Biomass fuel from plant waste is an important substitute for fossil fuels. The odorous volatile organic compounds (VOCs) is released during the drying process of biomass, which causes harm to the ecological environment and human health. The α-pinene is a typical odorous VOC generating during plant waste drying. Ternary nanocatalyst composed of TiO2, FexOy and MOk (M = Mn, Co, Ce) was manufactured by ultrasonic assisted hydrothermal process. The α-pinene catalytic oxidation property of ternary nanocatalysts were investigate in a dielectric barrier discharge reactor assisted by nonthermal plasma.

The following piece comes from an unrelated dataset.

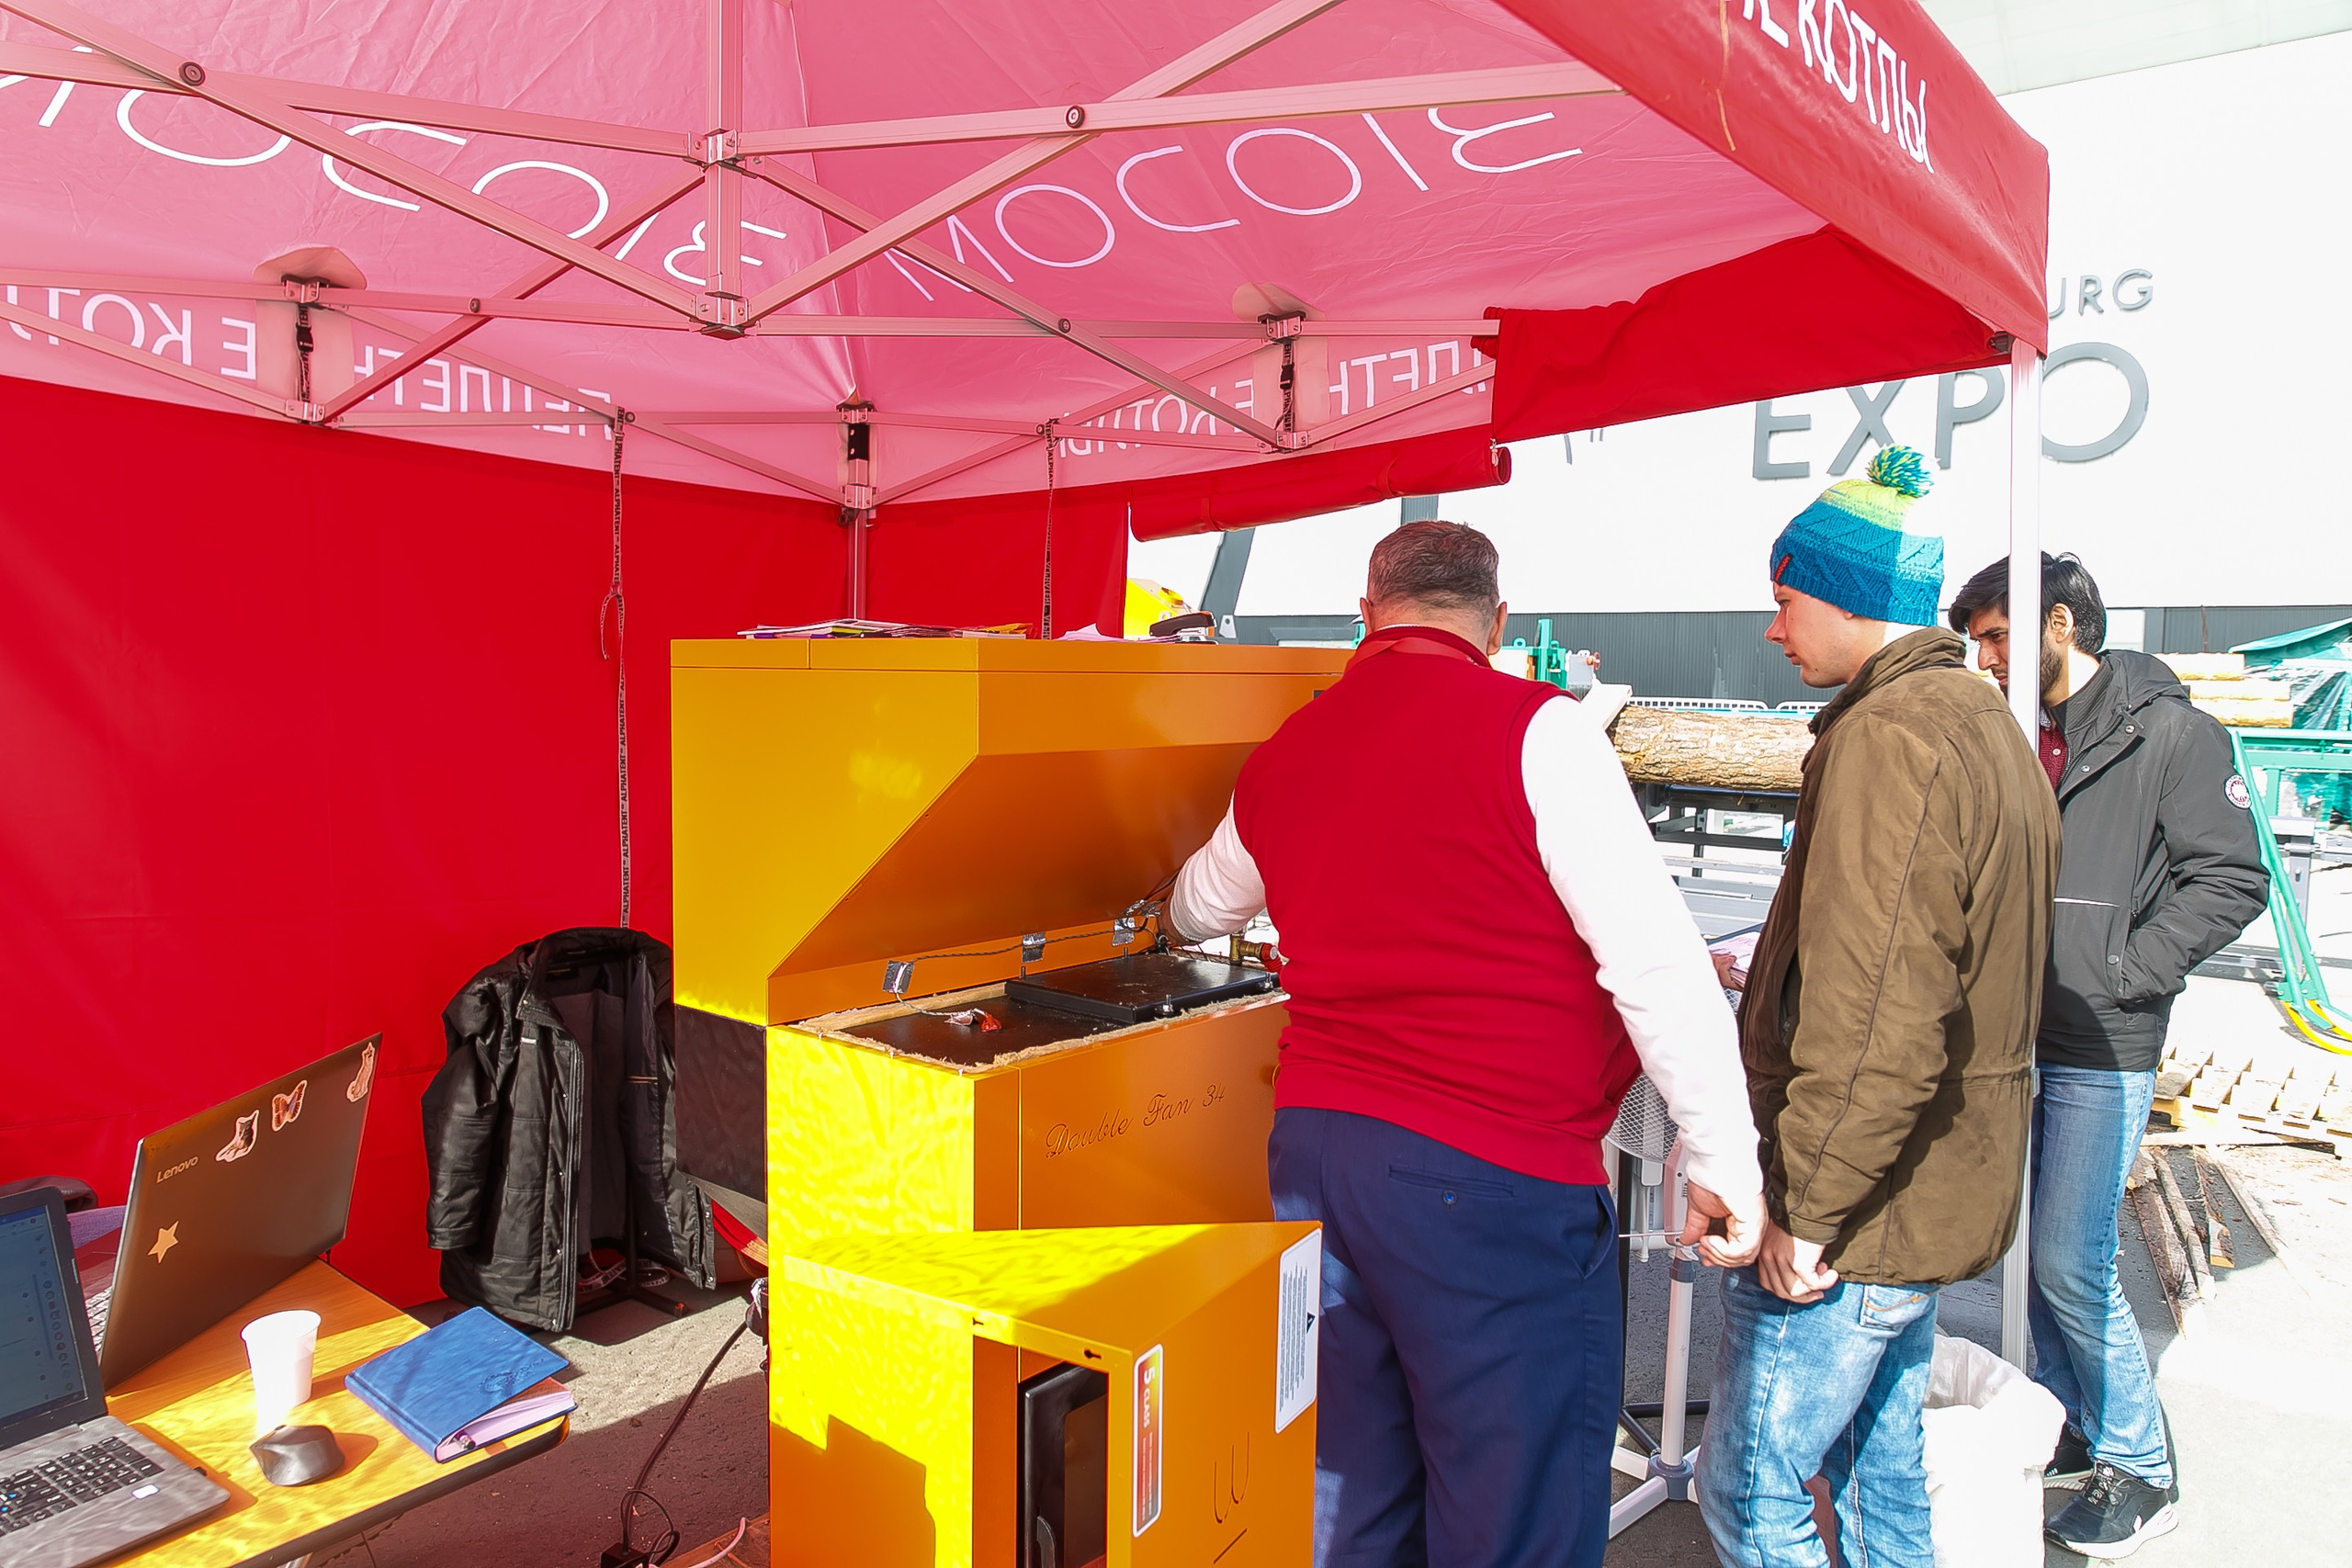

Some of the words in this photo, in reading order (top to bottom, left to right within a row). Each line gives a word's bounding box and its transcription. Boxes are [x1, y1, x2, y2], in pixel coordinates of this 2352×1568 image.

The pore structure parameters of ternary nanocatalysts were observed qualitatively and analyzed quantitatively by transmission electron microscopy (TEM) and N2 adsorption test, respectively. The phase composition and active element valence of these three kinds nanocatalysts were analyzed and compared by X-ray diffraction (XRD) and X-ray Photoelectron spectroscopy (XPS). The test data showed TiO2-FexOy-CoOk ternary nanocatalyst had more complete microporous and mesoporous pore structure, better element dispersion and stronger redox performance. Meanwhile, TiO2-FexOy-CoOk sample had the best performance with α-pinene catalytic conversion achieving 83.3% and CO2 selectivity higher than 90% at specific energy density (SED) of 620 J·l−1, which was almost half of the energy consumption of single non-thermal plasma catalytic reaction during the nonthermal plasma-catalyst (NTP-C) synergistic catalytic activity experiments. At the same time, the ternary nanocatalysts could obviously reduce the generation concentration of O3 and NOx in the process of α-pinene catalytic oxidation. The synergy effect between TiO2, FexOy and CoOk was better than that of TiO2, FexOy and CeOk or MnOk. It could be expected as an effective method to improve the redox performance of ternary nanocatalysts by optimizing the microstructure and elemental composition, which would also be a promising way to enhance odorous VOCs catalytic oxidation efficiency and reduce the energy consumption in the NTP-C synergistic catalytic system.